Another prominent figure targeted by the operation: the influential General Augusto Heleno, former minister of the Cabinet for Institutional Security and considered one of Jair Bolsonaro's gray eminences.

“Fake News”

For political scientist André César, Thursday's police operation marked a “turning point” because investigators “provided evidence that there was a coup movement.”

The federal police conjure up an attempt to “spread suspicions of fraud in the 2022 presidential election before the vote in order to legitimize military intervention.”

The police then report on “the practice of acts to abolish the democratic constitutional state through a coup with the support of the military.”

In particular, investigators cite a plan to arrest Alexandre de Moraes, president of the Superior Electoral Tribunal (TSE), and call new elections.

According to investigations, this plan was to be implemented through a decree, the terms of which Mr Bolsonaro presented to senior military officials at a meeting on December 7, 2022, a week after his defeat by Lula and three weeks before the transfer of power.

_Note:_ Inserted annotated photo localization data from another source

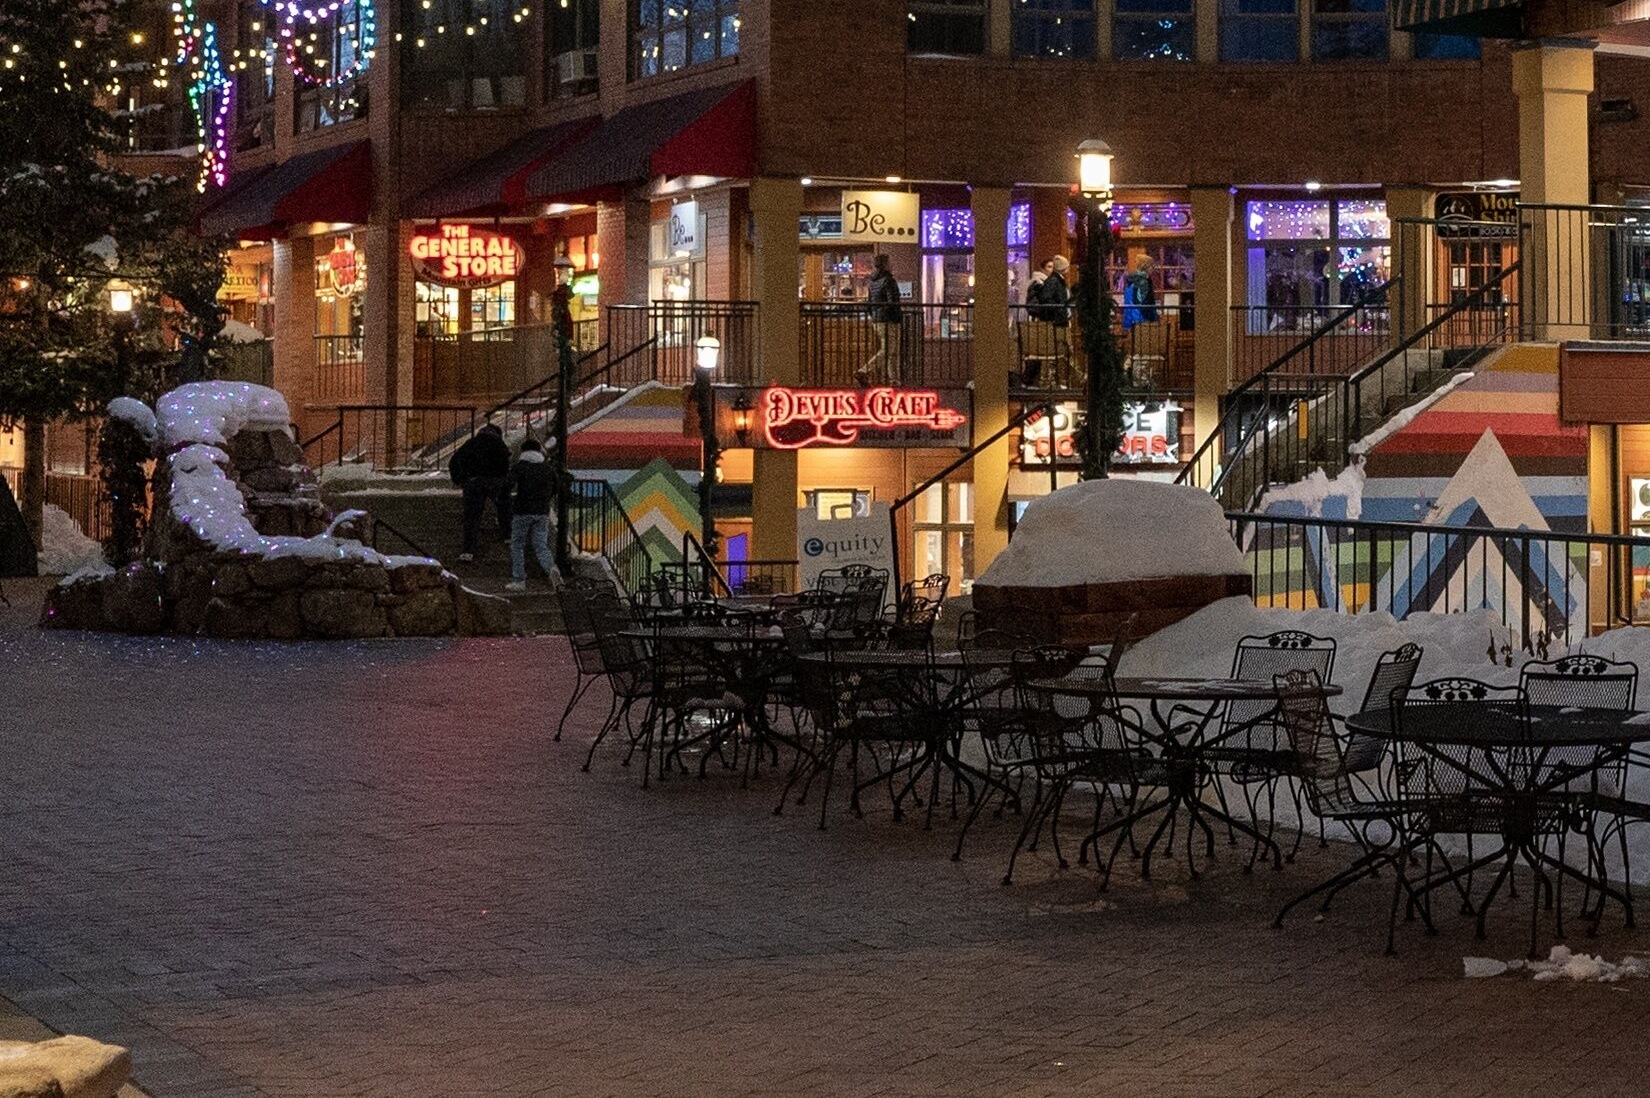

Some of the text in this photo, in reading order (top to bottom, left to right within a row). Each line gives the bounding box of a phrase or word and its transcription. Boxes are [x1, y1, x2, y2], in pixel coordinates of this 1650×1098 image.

[442, 224, 469, 238] THE
[410, 235, 515, 259] GENERAL
[442, 255, 515, 278] STORE
[223, 276, 259, 287] EXICO
[769, 388, 937, 426] DEVIL'S CRAFT
[804, 533, 885, 558] equity
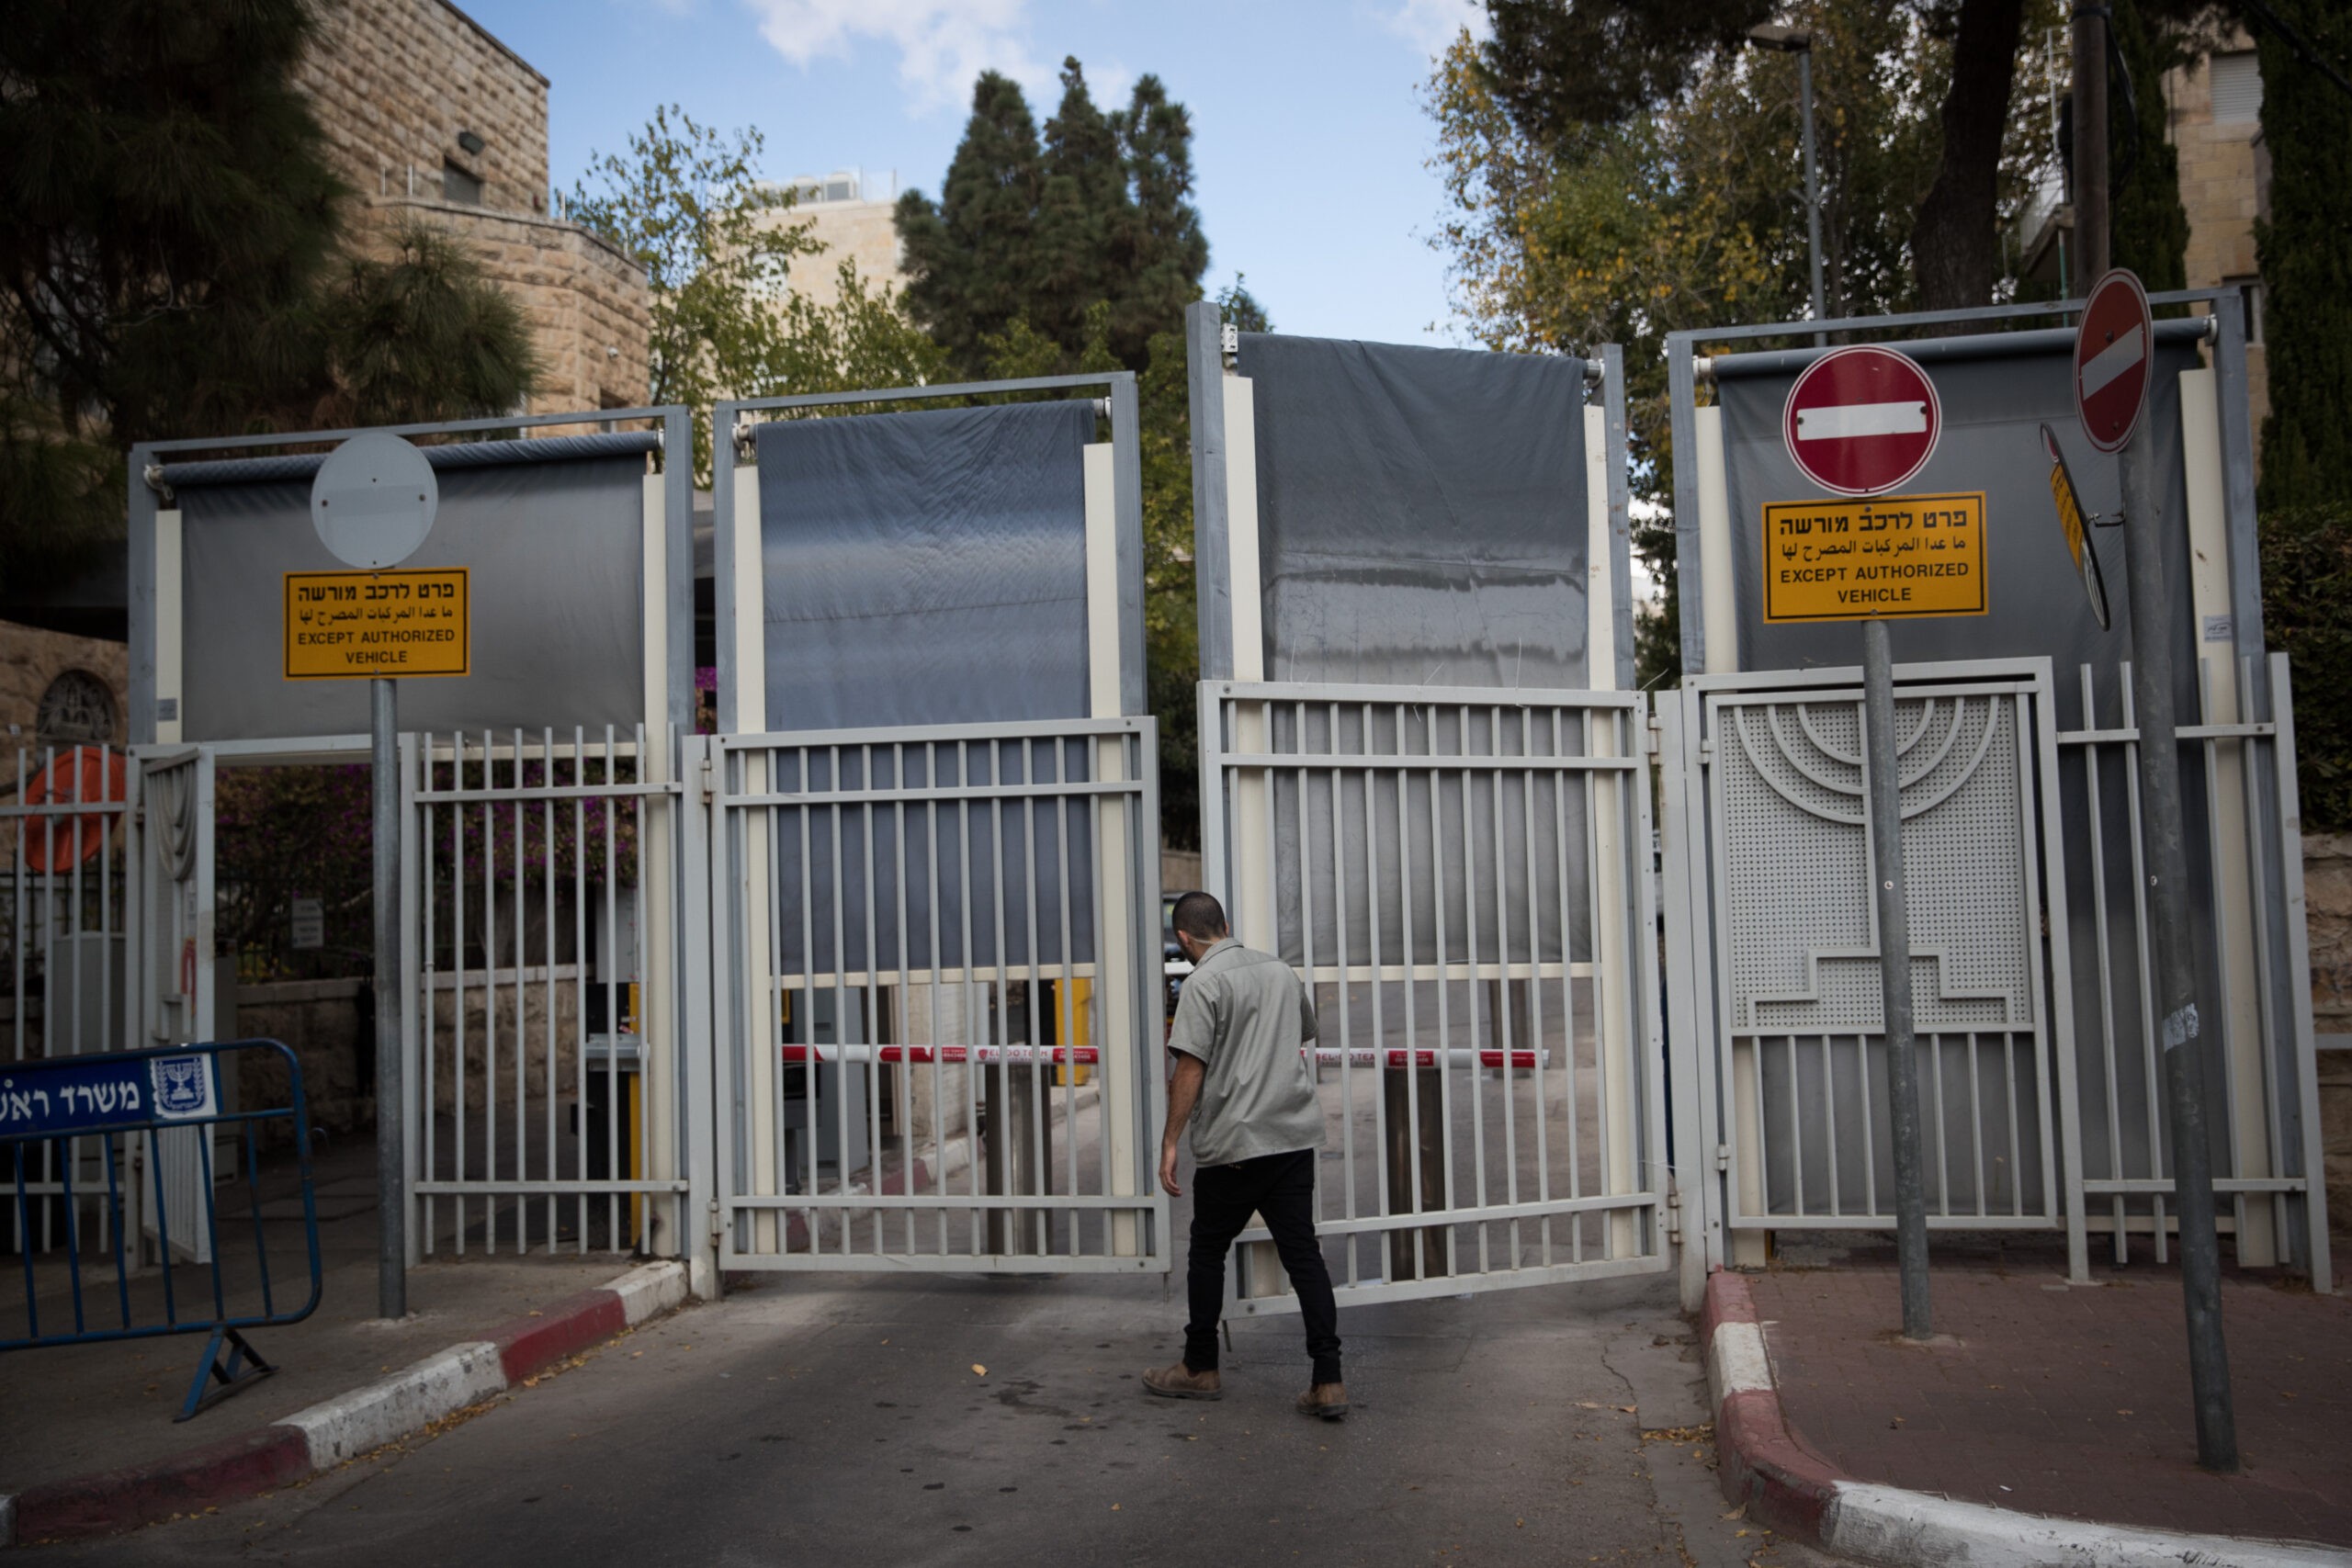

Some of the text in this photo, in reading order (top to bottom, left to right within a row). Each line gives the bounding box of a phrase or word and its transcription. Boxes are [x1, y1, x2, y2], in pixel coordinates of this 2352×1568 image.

[1781, 510, 1967, 536] פרט לרכב מורשה
[1925, 536, 1946, 551] عدا
[1953, 536, 1966, 548] ما
[1782, 544, 1797, 561] لها
[1781, 562, 1969, 583] EXCEPT AUTHORIZED
[298, 582, 455, 602] פרט לרכב מורשה
[1838, 588, 1912, 604] VEHICLE
[300, 608, 313, 625] لها
[419, 606, 436, 618] عدا
[442, 605, 452, 617] ما
[298, 629, 455, 645] EXCEPT AUTHORIZED
[345, 651, 407, 664] VEHICLE
[989, 1048, 1021, 1057] ELGO
[60, 1081, 141, 1115] משרד
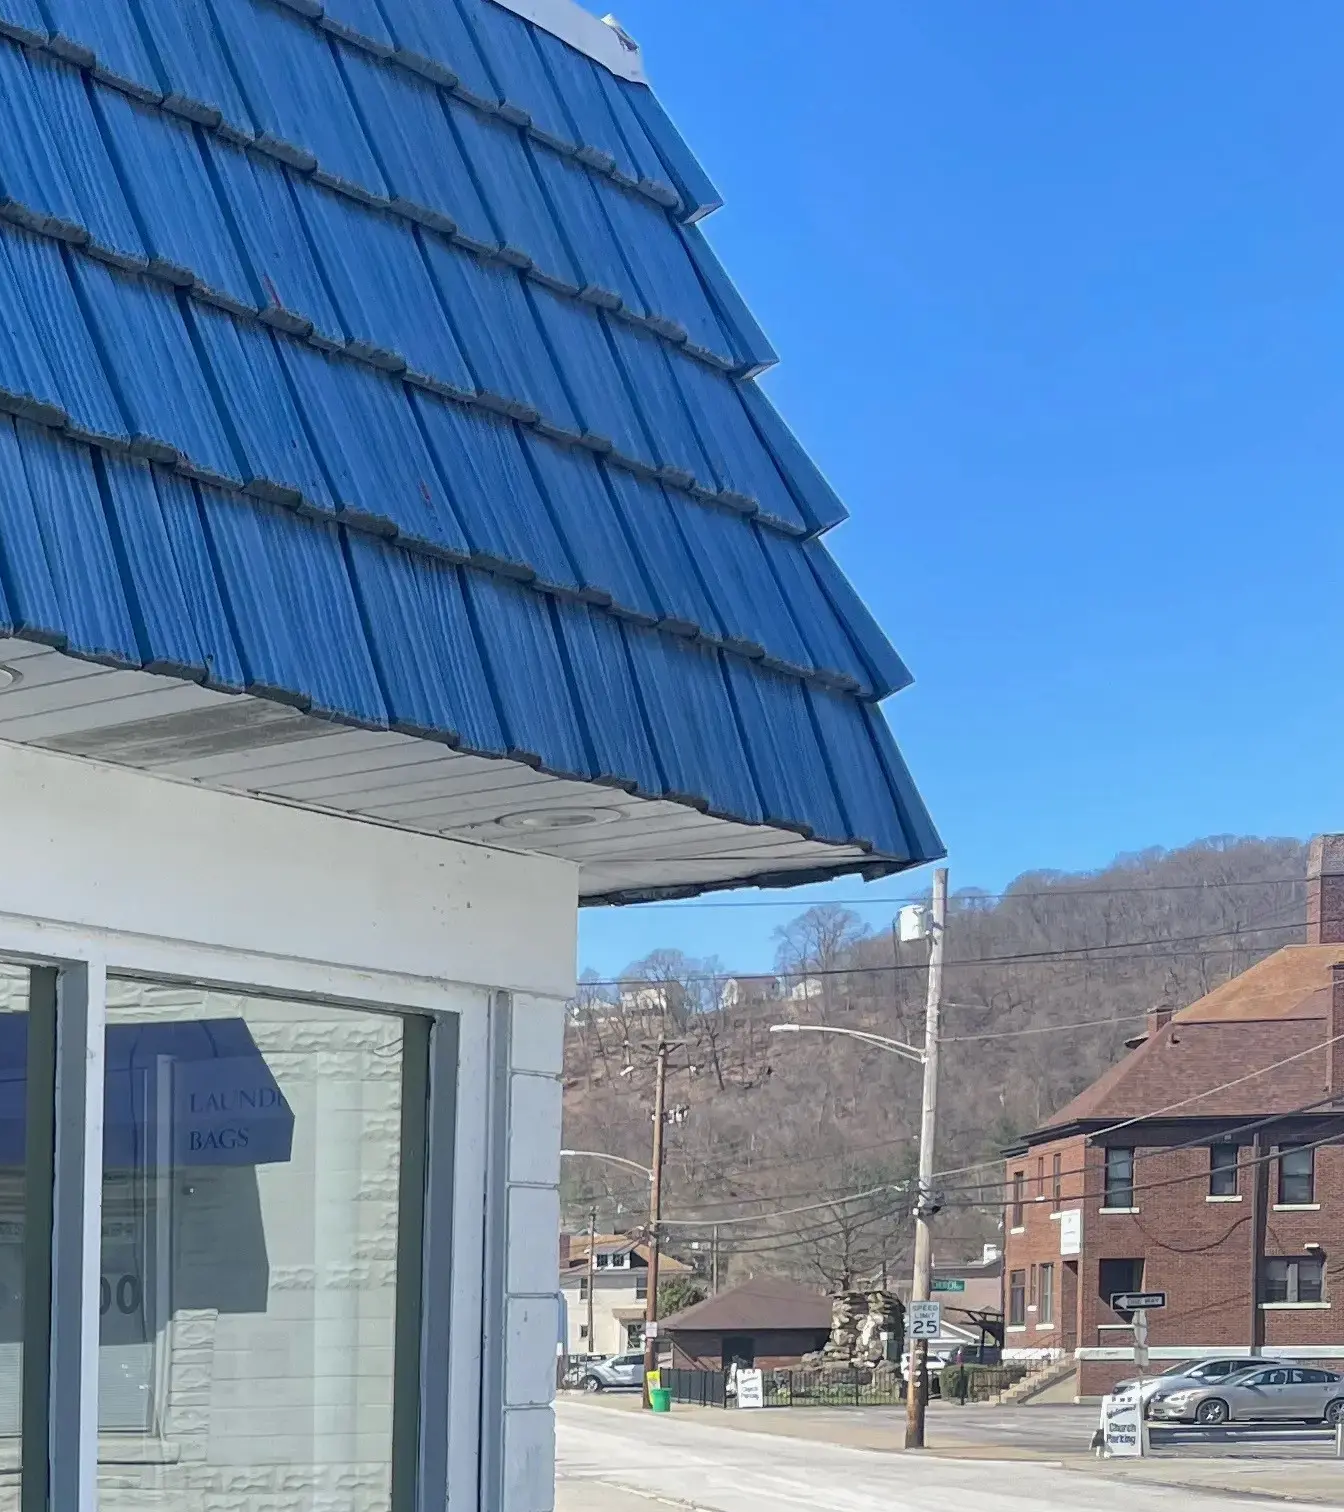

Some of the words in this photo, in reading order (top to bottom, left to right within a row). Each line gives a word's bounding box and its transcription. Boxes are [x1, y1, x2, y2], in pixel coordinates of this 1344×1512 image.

[189, 1127, 249, 1151] BAGS
[912, 1320, 937, 1334] 25
[1109, 1423, 1137, 1432] Church
[1106, 1434, 1136, 1446] Parking

Ultimately, this decree never saw the light of day.

The black beast of the Bolsonaro clan, Alexandre de Moraes, also a Supreme Court judge, ordered the opening of numerous investigations against the ex-president.

Under his aegis, the TSE sentenced Jair Bolsonaro to eight years in June for spreading false information about the electronic voting system.

Last week, one of Bolsonaro's sons, Carlos, was reinstated by police as part of an investigation into illegal espionage under his father's presidency.